How to Prevent Indoor Cats from Escaping

While some cats are content surveying the great outdoors from the safety of a cozy window perch, others are determined to experience it firsthand. Unfortunately, this means a lot of frustration and worry for any cat owner with an escape-artist kitty.

This article covers some tips & tricks for when your indoor cat keeps trying to escape, including: 

  • Why cats try to escape
  • Preventative measures
  • Safety precautions

Why Indoor Cats Try to Escape

Have you ever wondered, "why does my cat want to go outside?” Has your cat's escape attempts ever made you wonder "is my indoor cat happy?" 

Don’t worry. It’s completely natural that your indoor cat wants to go outside. However, the outdoors poses a number of risks for cats, including busy streets and wild animals. Here are some reasons why a cat might try to escape:

Searching for prey:

Cats are natural hunters, so it’s not unusual for them to look outside for something to chase. If you have a cat in search of prey, escape attempts could become a common occurrence.

Assessing their environment:

Similar to their natural tendency to hunt, cats also like to assess their surrounding environment for mates or potential dangers. If your cat is not fixed, this tendency may be amplified, so we recommend spaying or neutering your cat.


Plain-old curiosity is reason enough for a cat to try and explore what lies outside of the front door. Naturally, cats will want to know where you’re off to when they see you step outside, increasing the chance that they’ll follow suit.

multi-colored cat looking out of cat door

How to Prevent Cats from Escaping

Understanding the reasons why your cat wants to escape is the first step towards learning how to keep a cat indoors. Below, we’ll discuss a few preventative measures that explain how to stop a cat from going outside.

Create Barriers:

If possible, try to block access to your cat’s preferred escape route. A tall indoor enclosure is a good option. While most cats will be able to jump over it, the walls will buy you some time to get through the front door before your cat can slip out behind you.

If your cat is escaping constantly, getting them spayed or neutered might be necessary. When a young cat suddenly wants to go outside, it could be because they are searching for a mate (this is particularly true for male cats). Once you rule this out, it’s time to start behavior training:

  • Clap your hands when you see your cat clawing at the door to get out, making the doorway seem as unappealing as possible. Be sure to stop as soon as you see your cat walking away from the door and reward them with a treat.
  • To keep your cat away from the door, try Motion-Activated Pet Deterrents—orange or lemon sprays work well, as most cats do not like the smell of citrus.
  • Place some aluminum foil along the doorway area. Many cats find the feeling of walking on it unpleasant and will steer clear.


If you struggle with your cat slipping out behind you as you leave for the day, finding something to distract them is a great idea.
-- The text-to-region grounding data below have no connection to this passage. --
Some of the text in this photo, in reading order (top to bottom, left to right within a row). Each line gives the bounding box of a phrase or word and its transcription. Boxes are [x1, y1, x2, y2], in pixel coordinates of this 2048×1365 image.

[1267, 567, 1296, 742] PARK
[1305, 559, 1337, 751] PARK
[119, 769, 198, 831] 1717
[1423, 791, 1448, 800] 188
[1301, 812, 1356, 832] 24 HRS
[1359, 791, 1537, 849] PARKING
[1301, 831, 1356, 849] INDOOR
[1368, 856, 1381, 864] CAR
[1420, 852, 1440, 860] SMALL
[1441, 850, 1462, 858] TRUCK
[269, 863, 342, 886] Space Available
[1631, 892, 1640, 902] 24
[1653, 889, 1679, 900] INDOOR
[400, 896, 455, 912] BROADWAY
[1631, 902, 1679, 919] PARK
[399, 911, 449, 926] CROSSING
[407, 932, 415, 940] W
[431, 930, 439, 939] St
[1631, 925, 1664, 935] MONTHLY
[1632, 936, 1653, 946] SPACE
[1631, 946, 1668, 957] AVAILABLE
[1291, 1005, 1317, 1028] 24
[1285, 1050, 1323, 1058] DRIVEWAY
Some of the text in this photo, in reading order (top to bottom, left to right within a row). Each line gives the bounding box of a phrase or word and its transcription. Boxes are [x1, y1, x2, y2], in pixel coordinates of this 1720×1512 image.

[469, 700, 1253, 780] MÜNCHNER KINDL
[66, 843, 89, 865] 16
Here are a few suggestions:

  • When you leave your house, try guiding your cat away from the door with a laser pointer, or throwing a toy into another room to occupy them.
  • Make staying inside more appealing with lots of treats, toys, and comfy hideaways in rooms far away from any exit points.
  • Hang bird feeders next to a window perch so your cat can enjoy the excitement of the outdoors from the safety of your home. 
grey cat eating a cold treat

Try a New Feeding Schedule:

Strategically adjusting your cat’s feeding schedule combines behavior training and distraction. Try feeding your cat as soon as you leave in the morning and right when you get home for the day. This distracts them as you step out the door and gives them an incentive to stick around for dinner when you get back home.

Allow Limited Outdoor Time:

If you’re comfortable with your cat having some outdoor time, letting them out for a few hours a day is a good way to reduce escape attempts.

  • Try a harness and leash to safely take your cat outside. Make sure to take them out through one designated door that they can associate with outdoor time (to prevent them from dashing out every door they see).
  • Any DIY-enthusiasts out there? Consider building a catio! A catio is a safe outdoor enclosure for cats that you can fill with cat trees and toys. 
  • If your home already has an outdoor screen enclosure, that can be a great place to let your cat explore.
grey cat using cat door for screens

Install a Cat Door

If you find that your cat escapes, but always comes back home a few hours later, it might be worth considering an indoor-outdoor lifestyle for them. Installing a cat door is a great way to allow your cat outdoor access at designated times.

Here are some of our recommendations:

CatMate Elite 305 Super Selective Cat Door:

cat mate elite super selective cat door


The CatMate Elite Super Selective Cat Door is perfect for cat owners who want to control access to the door. It features timer control for up to nine cats for customizable entry and exit—perfect for keeping one cat in while letting another out. The LCD screen displays the location of up to three cats and the time that they entered or exited the house.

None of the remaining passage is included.